Georgia Power partners with nonprofit, community and faith-based organizations to offer assistance programs to those in need, with information available at www.GeorgiaPower.com/EnergyAssistance. Programs include:

  • The Salvation Army’s Project SHARE – Established in partnership with The Salvation Army, Georgia Power customers can provide assistance to residents in the same community for expenses, such as utility bills, housing, food and medical necessities.
  • Georgia Power’s Senior Citizen Discount – Georgia Power customers 65 years of age or older who meet the income requirements for eligibility can receive up to $24 a month off their bill.
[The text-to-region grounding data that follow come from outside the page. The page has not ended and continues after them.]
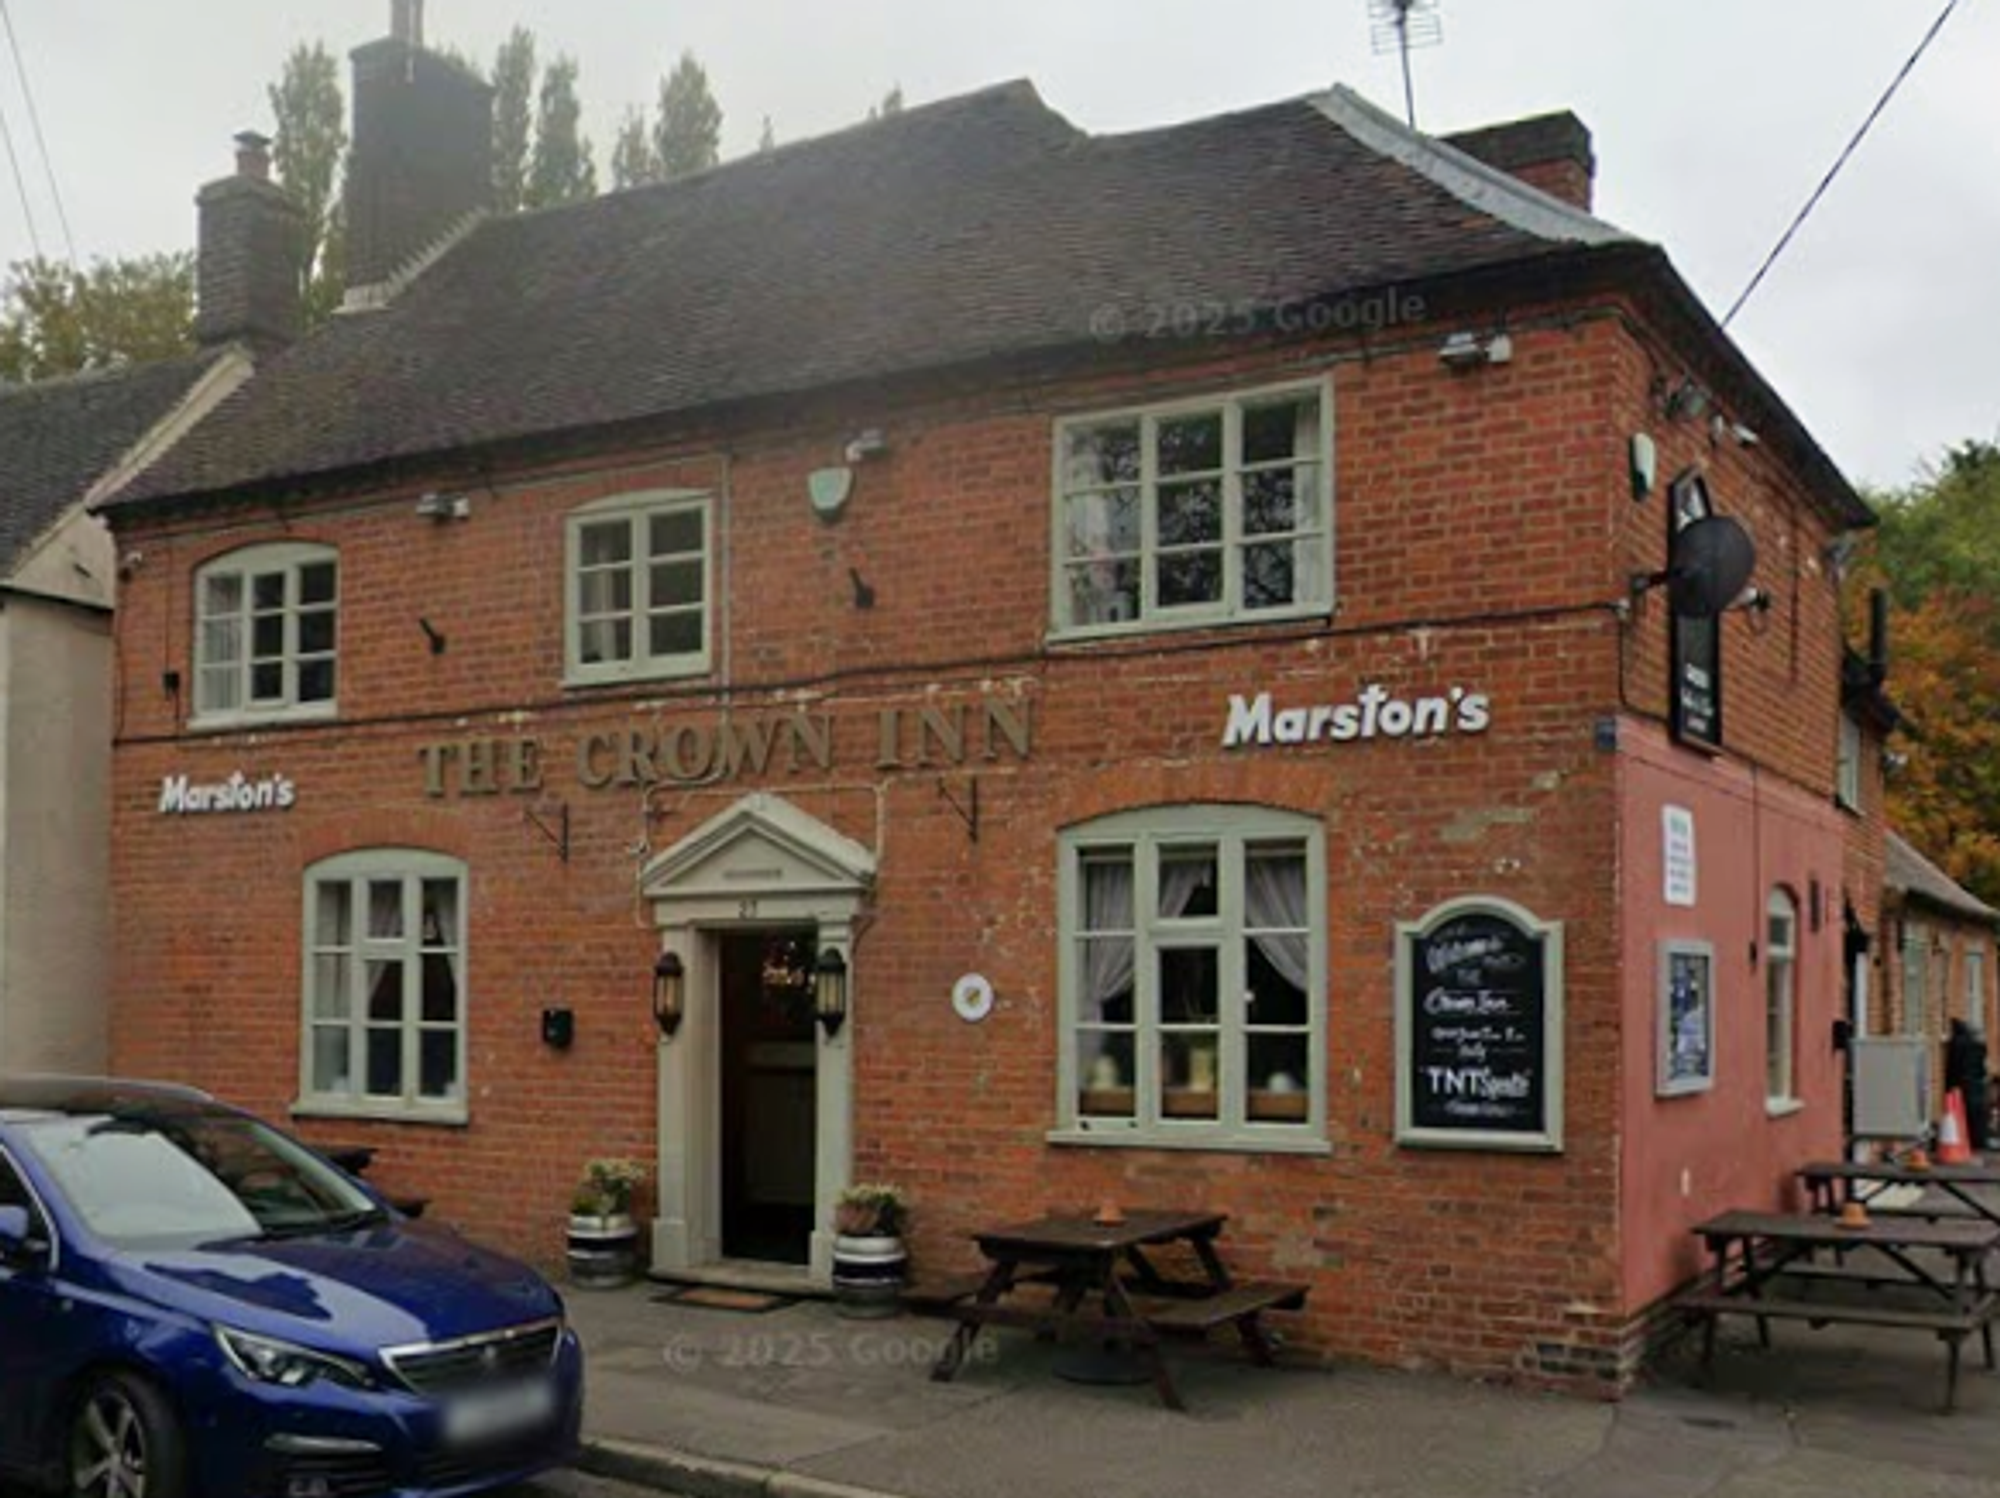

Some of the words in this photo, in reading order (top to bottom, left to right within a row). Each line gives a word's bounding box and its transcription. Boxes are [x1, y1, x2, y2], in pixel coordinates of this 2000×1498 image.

[1221, 683, 1490, 746] Marston's
[418, 737, 545, 799] THE
[576, 710, 836, 789] CROWN
[873, 697, 1036, 770] INN
[158, 770, 296, 813] Marston's
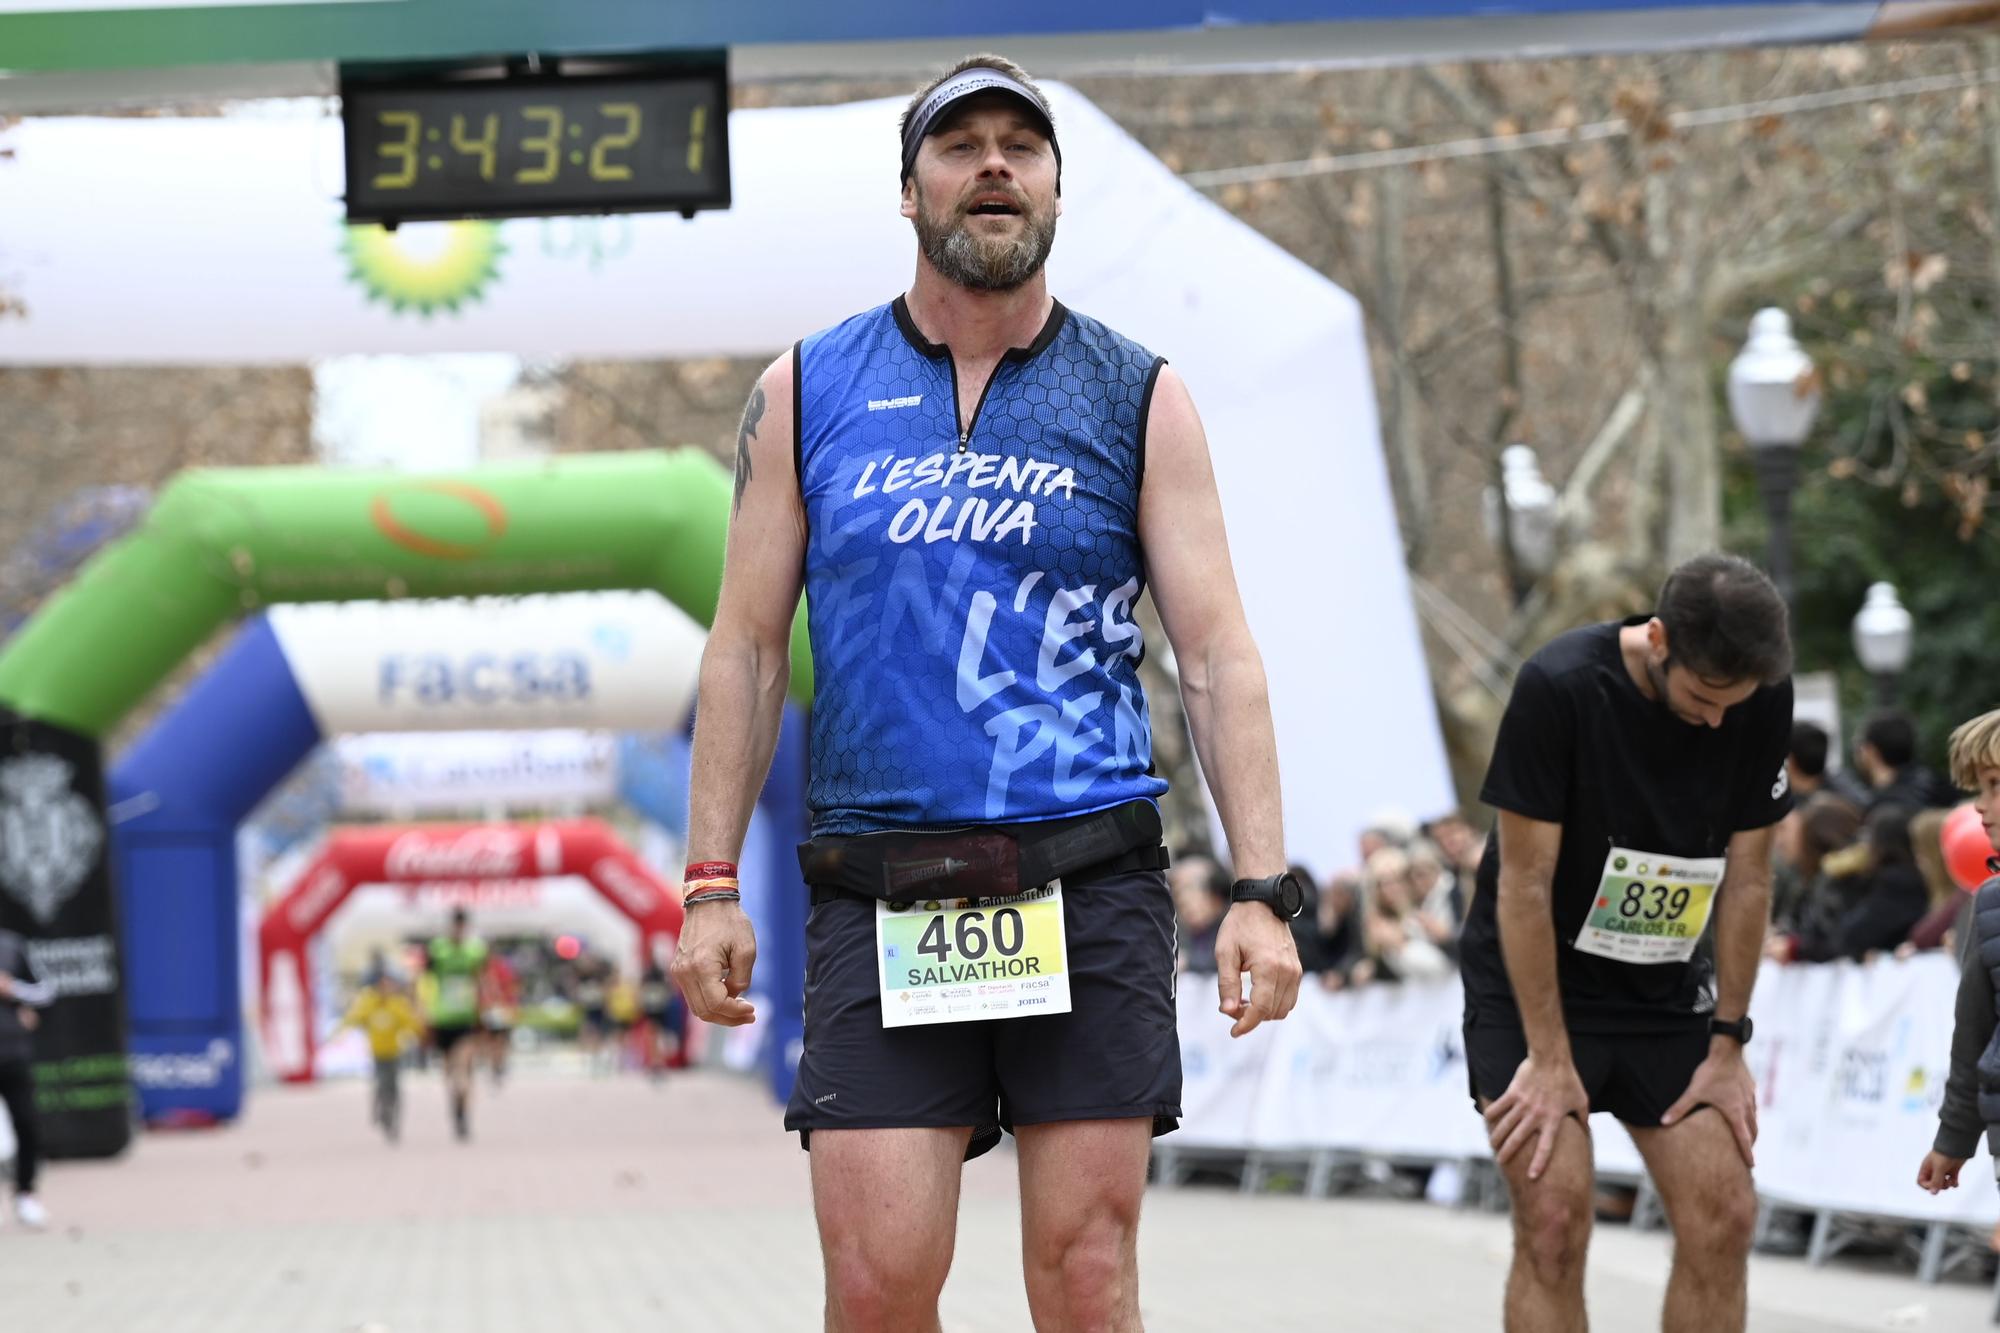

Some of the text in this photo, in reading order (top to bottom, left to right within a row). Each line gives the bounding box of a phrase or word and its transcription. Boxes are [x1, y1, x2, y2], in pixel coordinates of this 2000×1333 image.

[853, 452, 1077, 500] L'ESPENTA
[887, 495, 1038, 545] OLIVA
[1619, 881, 1690, 920] 839
[917, 907, 1024, 963] 460
[1604, 917, 1687, 937] CARLOS FR
[907, 956, 1041, 986] SALVATHOR
  • Home Energy Efficiency Assistance Program - The Home Energy Efficiency Assistance Program helps eligible income-qualified customers make free energy efficiency improvements to their single-family home. At no cost to the customer, a program contractor performs the recommended energy efficiency upgrades. Customers can learn more and apply at www.GeorgiaPower.com/HEEAP.
  • HopeWorks – HopeWorks and Georgia Power are offering senior residential customers valuable information on ways to save money on their energy bill while keeping their home comfortable and efficient.